痛くない死に方のたくのレビュー・感想・評価

痛くない死に方(2019年製作の映画)
3.7
一人の在宅医師の目を通して終末医療の在り方を問う話で、原作者の長尾和宏自身が在宅医療のスペシャリストであるためか、患者と医師との関係が非常にリアルに描かれてた。「おくりびと」みたいな職業紹介モノと言えなくもないけど、病院に入ってしまえば尊厳死が選択できなくなるという日本の医療の在り方に鋭く切り込む作品だった。医師としての本分に目覚めていく在宅医役の柄本佑の淡々とした演技が良く、自らの最期をもって彼に医師の責務を全うさせる宇崎竜童もハマってた。宇崎竜童は「BAD LANDS」の曼陀羅も良かったし、年を重ねるほどに魅力が増してる気がする。
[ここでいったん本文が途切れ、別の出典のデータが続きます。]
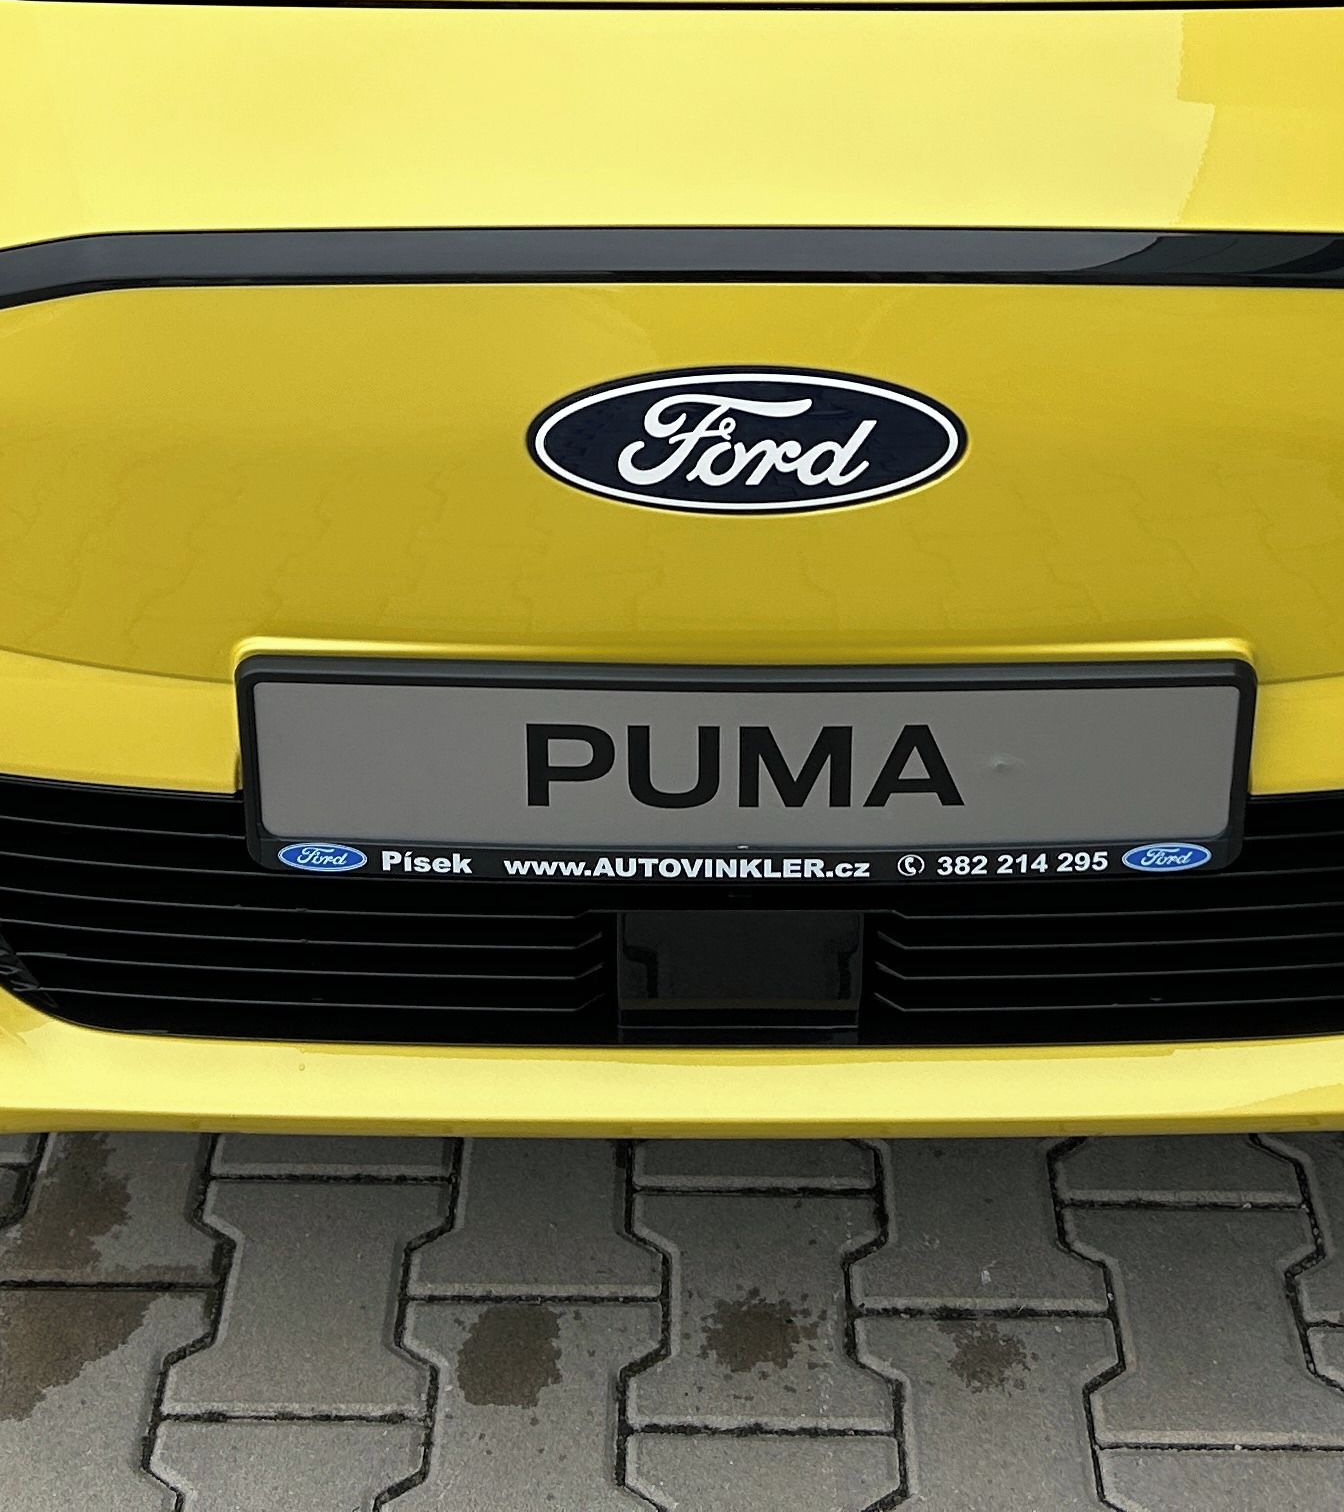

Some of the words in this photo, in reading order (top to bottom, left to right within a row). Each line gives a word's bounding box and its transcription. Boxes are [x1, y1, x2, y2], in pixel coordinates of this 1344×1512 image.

[617, 392, 878, 487] Ford
[525, 722, 966, 809] PUMA
[296, 845, 349, 867] Ford
[381, 851, 473, 874] Písek
[504, 857, 871, 879] www.AUTOVINKLER.cz
[936, 855, 988, 876] 382
[996, 853, 1048, 875] 214
[1056, 851, 1109, 873] 295
[1140, 847, 1193, 867] Ford
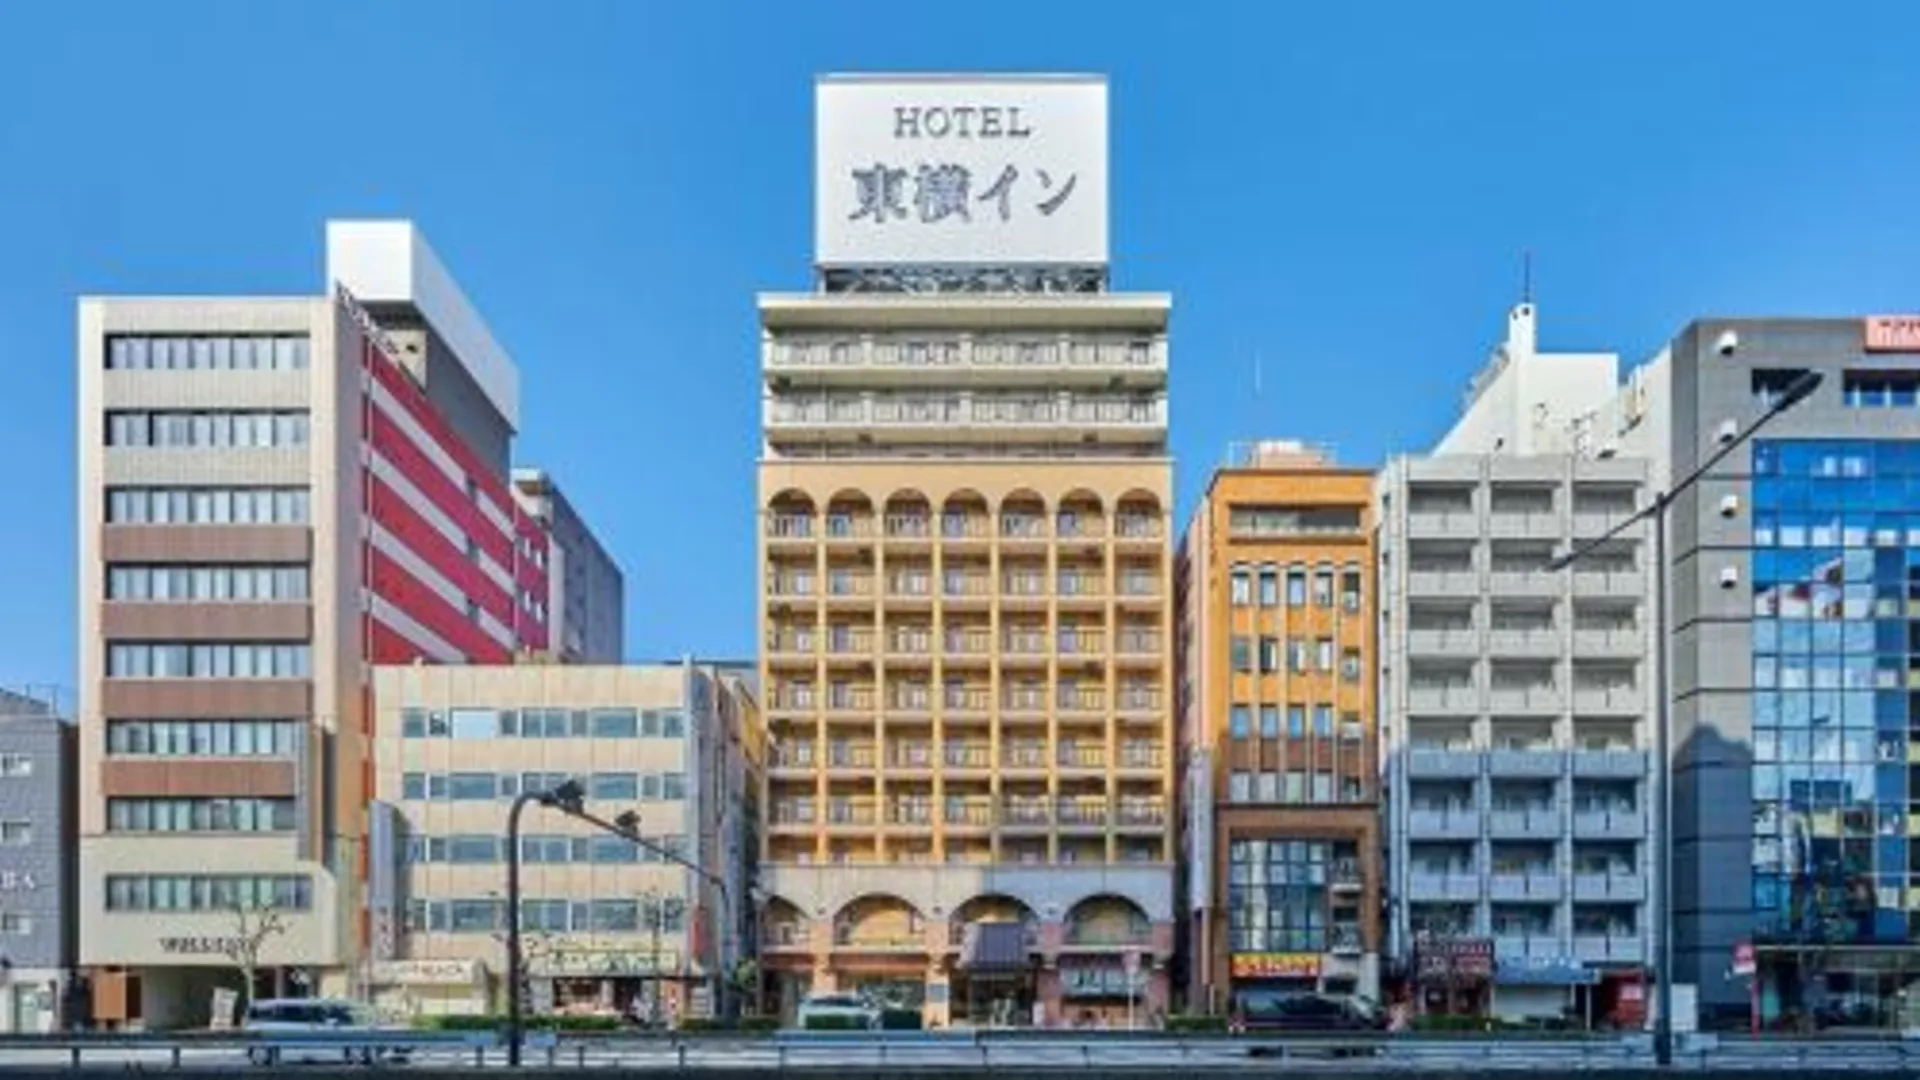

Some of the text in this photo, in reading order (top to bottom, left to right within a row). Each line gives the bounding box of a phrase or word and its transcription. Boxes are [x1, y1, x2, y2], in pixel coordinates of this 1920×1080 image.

[893, 106, 1031, 138] HOTEL
[848, 162, 1077, 224] 東横イン
在宅医師の河田は患者に対する思い入れが一切なく、ただ事務的に仕事をこなす日々を送り、関係が冷め切ってる妻からは離婚届を突き付けられる。そこに彼が担当してたステージ4のがん患者が苦しみ抜いた末に亡くなり、その娘から思い切り非難されたことをきっかけとして、河田が自分の医師としての在り方に疑問を持つ展開。この序盤の河田の乾いた心の描き方が、見ててイライラするくらい上手かった。河田が先輩の医師に相談し、患者の死因が別のところにあったんじゃないかと気付いて激しく後悔するんだけど、すでに取り返しがつかないところに医師の責任の重大さが示される。

河田が人の命を預かる在宅医師としての責任に目覚めたところから、彼が新たに担当することになった末期がん患者の本多との生き生きした交流が見どころ。身の回りで起こることを川柳で笑い飛ばす本多のチョイ悪な感じが最高で、彼を支える妻との仲睦まじい様子が夫婦の一つの理想のかたちとして描かれる。延命措置を拒否する宣言書であるリビング・ウィルが、いったん入院してしまえば身体中に管を通される日本の延命治療のアンチテーゼとして登場し、自分自身もそう遠くない将来にこの問題に向き合わなければならないと思うと気が重くなる。